:: Goal of the exercise ::
All of the records below need to be written out exactly, but without the pictures.
##### Information
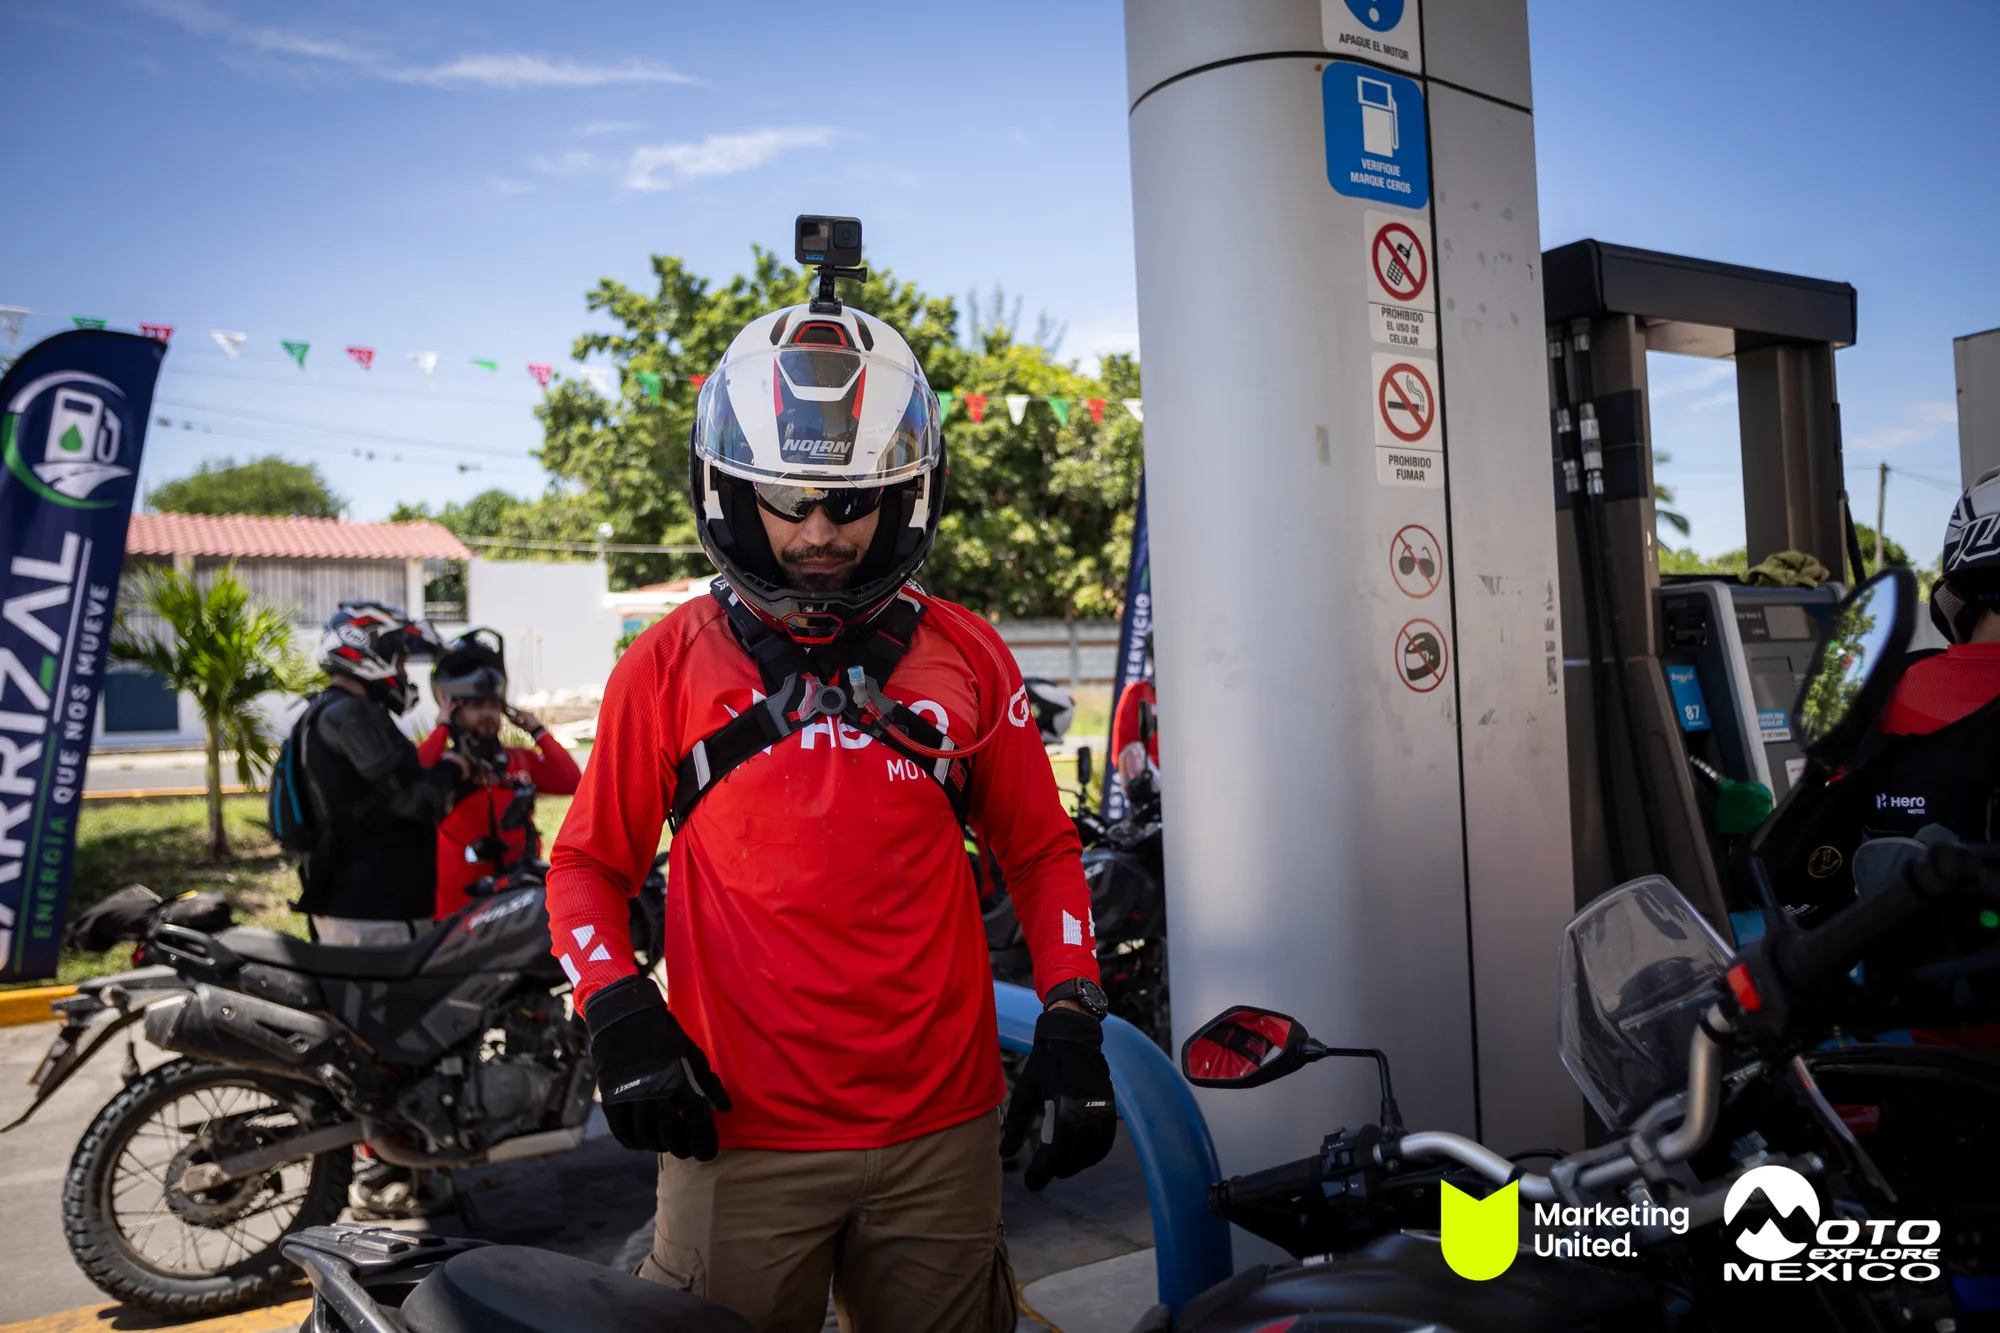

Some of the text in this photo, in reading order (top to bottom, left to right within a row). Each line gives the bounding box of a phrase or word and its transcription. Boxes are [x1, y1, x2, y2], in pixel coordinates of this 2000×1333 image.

[1339, 33, 1409, 61] APAGUE EL MOTOR
[1361, 158, 1401, 176] VERIFIQUE
[1350, 172, 1411, 194] MARQUE CEROS
[1381, 307, 1424, 323] PROHIBIDO
[1386, 321, 1420, 335] EL USO DE
[1389, 333, 1418, 346] CELULAR
[782, 438, 851, 455] NOLAN
[1388, 454, 1432, 469] PROHIBIDO
[1396, 468, 1425, 481] FUMAR
[75, 583, 110, 676] MUEVE
[64, 684, 91, 741] NOS
[1685, 704, 1700, 721] 87
[52, 748, 80, 804] QUE
[1890, 796, 1926, 808] Hero
##########
:: Your response ::
Some of the text in this photo, in reading order (top to bottom, left to right within a row). Each line gives the bounding box of a phrase or word and its transcription. Boxes are [x1, y1, x2, y2], in pixel coordinates of this 2000×1333 image.

[1339, 33, 1409, 61] APAGUE EL MOTOR
[1361, 158, 1401, 176] VERIFIQUE
[1350, 172, 1411, 194] MARQUE CEROS
[1381, 307, 1424, 323] PROHIBIDO
[1386, 321, 1420, 335] EL USO DE
[1389, 333, 1418, 346] CELULAR
[782, 438, 851, 455] NOLAN
[1388, 454, 1432, 469] PROHIBIDO
[1396, 468, 1425, 481] FUMAR
[75, 583, 110, 676] MUEVE
[64, 684, 91, 741] NOS
[1685, 704, 1700, 721] 87
[52, 748, 80, 804] QUE
[1890, 796, 1926, 808] Hero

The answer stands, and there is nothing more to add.